著名な建築家・安藤忠雄氏が設計した流通科学大学のキャンパスには、「中内㓛記念館」がある。地上階に中内氏が幼少・青年期を過ごした「サカエ薬局」が移築され、地下1階には中内氏の功績が短時間で理解できるように展示してある。この静まり返った大きな空間に立っていると、栄光の物語だけが残る古城跡にいるような気分になる。
「ダイエーの魅力」が消えた大学の現在
今、各大学は「2026年問題」に直面している。これは、26年以降は大学への進学率が上昇したとしても、18歳人口の減り幅のほうが大きく、進学者数が減り続ける状況を予測した言葉である。この結果、大学の定員割れが加速するとみられている。
流通科学大学も他人事ではない。中内氏が注目されていた頃は「流通科学大学へ入学すれば、ダイエーに就職しやすくなる」と期待する関西の受験生も少なくなかった。ところが、その後、ダイエーが経営破綻すると、当然のことながら「その魅力」はなくなってしまった。
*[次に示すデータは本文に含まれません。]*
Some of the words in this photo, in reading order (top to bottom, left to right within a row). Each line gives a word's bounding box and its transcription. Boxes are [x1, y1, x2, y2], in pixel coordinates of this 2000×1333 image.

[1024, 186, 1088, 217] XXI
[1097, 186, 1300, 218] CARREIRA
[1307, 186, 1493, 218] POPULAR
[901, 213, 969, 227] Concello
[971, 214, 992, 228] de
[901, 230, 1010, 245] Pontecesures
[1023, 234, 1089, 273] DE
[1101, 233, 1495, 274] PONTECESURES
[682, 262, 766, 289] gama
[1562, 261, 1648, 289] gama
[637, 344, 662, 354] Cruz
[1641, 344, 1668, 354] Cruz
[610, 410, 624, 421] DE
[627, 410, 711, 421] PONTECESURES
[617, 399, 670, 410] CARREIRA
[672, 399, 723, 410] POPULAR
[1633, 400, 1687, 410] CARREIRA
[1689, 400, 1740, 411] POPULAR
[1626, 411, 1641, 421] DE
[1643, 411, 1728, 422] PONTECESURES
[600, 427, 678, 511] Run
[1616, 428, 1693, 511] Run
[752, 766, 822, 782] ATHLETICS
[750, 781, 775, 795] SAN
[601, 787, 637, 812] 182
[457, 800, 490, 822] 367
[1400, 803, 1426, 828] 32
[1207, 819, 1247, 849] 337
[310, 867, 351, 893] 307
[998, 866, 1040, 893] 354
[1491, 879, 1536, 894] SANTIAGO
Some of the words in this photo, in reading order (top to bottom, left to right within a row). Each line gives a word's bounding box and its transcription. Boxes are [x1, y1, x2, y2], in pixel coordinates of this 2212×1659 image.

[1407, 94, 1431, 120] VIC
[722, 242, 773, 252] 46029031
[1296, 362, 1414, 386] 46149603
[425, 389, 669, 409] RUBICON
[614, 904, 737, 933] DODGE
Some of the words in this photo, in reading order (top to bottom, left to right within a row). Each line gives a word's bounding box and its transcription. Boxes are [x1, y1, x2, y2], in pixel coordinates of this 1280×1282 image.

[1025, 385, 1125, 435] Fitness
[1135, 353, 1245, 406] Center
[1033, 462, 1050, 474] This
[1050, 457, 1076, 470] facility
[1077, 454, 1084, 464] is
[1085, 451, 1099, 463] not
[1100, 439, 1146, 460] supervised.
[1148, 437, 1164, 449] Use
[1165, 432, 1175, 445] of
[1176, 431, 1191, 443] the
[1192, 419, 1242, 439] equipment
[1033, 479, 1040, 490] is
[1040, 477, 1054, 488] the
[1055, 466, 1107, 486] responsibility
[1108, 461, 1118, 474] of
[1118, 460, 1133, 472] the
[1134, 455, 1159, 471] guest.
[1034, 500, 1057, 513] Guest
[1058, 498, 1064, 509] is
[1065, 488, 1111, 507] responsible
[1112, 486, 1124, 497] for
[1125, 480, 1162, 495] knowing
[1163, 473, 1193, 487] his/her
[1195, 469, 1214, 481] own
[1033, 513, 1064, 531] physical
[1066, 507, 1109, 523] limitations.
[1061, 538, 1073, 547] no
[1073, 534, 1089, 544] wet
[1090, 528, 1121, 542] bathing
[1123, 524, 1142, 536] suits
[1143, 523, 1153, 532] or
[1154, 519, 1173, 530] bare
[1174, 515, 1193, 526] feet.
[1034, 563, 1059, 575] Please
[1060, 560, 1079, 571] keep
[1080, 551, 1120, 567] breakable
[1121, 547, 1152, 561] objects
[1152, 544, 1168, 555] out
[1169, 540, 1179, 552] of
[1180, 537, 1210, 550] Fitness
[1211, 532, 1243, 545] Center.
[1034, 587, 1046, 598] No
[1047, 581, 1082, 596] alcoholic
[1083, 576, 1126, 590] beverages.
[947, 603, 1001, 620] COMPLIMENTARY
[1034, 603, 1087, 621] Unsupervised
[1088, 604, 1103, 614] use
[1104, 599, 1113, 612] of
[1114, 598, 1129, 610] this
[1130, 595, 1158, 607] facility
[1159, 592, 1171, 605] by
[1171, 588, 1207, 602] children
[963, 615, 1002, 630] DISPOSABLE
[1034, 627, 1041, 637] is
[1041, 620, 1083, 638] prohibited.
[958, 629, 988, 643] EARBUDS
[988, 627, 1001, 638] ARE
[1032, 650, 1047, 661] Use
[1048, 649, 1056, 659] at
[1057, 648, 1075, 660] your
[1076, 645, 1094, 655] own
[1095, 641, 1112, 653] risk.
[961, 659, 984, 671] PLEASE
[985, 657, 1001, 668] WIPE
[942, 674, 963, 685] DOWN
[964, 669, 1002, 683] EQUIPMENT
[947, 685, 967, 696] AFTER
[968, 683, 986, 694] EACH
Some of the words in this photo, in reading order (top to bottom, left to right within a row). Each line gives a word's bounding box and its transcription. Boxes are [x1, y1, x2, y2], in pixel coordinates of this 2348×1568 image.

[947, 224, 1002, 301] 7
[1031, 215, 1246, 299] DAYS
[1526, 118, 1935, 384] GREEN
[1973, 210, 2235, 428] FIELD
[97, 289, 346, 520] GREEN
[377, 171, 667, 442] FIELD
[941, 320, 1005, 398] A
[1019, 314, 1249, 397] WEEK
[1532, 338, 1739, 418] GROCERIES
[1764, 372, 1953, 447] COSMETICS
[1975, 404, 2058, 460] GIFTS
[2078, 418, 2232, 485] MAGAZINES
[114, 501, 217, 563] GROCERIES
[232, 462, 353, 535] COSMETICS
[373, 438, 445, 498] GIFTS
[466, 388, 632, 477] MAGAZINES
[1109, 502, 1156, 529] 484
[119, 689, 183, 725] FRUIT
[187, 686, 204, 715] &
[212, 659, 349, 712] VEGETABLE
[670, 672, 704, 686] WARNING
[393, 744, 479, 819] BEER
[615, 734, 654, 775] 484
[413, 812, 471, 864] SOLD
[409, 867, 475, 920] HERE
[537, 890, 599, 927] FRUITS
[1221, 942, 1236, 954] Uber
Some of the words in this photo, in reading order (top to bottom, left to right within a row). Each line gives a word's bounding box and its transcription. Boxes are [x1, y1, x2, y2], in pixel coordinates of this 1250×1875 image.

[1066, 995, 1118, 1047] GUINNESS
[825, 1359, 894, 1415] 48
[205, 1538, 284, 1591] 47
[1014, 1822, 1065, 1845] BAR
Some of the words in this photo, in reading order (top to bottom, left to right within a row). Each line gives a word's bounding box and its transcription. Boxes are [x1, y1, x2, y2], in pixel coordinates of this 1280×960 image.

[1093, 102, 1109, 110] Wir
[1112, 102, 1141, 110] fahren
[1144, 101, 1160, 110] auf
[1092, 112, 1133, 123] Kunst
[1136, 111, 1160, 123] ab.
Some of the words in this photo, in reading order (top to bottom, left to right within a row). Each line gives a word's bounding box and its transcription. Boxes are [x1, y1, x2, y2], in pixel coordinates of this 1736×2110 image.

流通科学大学は24年4月に51歳(当時)の清水信年氏が学長に就任し、改革を進めている。その取り組みの1つとして、データサイエンスとフードビジネスの新コースを発足させた。
さらに、以前にも増して留学生獲得に奔走している。すでに大学院はほぼ全員が中国人やベトナム人などの外国人という状態。かつてダイエーの看板が輝いていた大学は、再び輝きを取り戻せるか。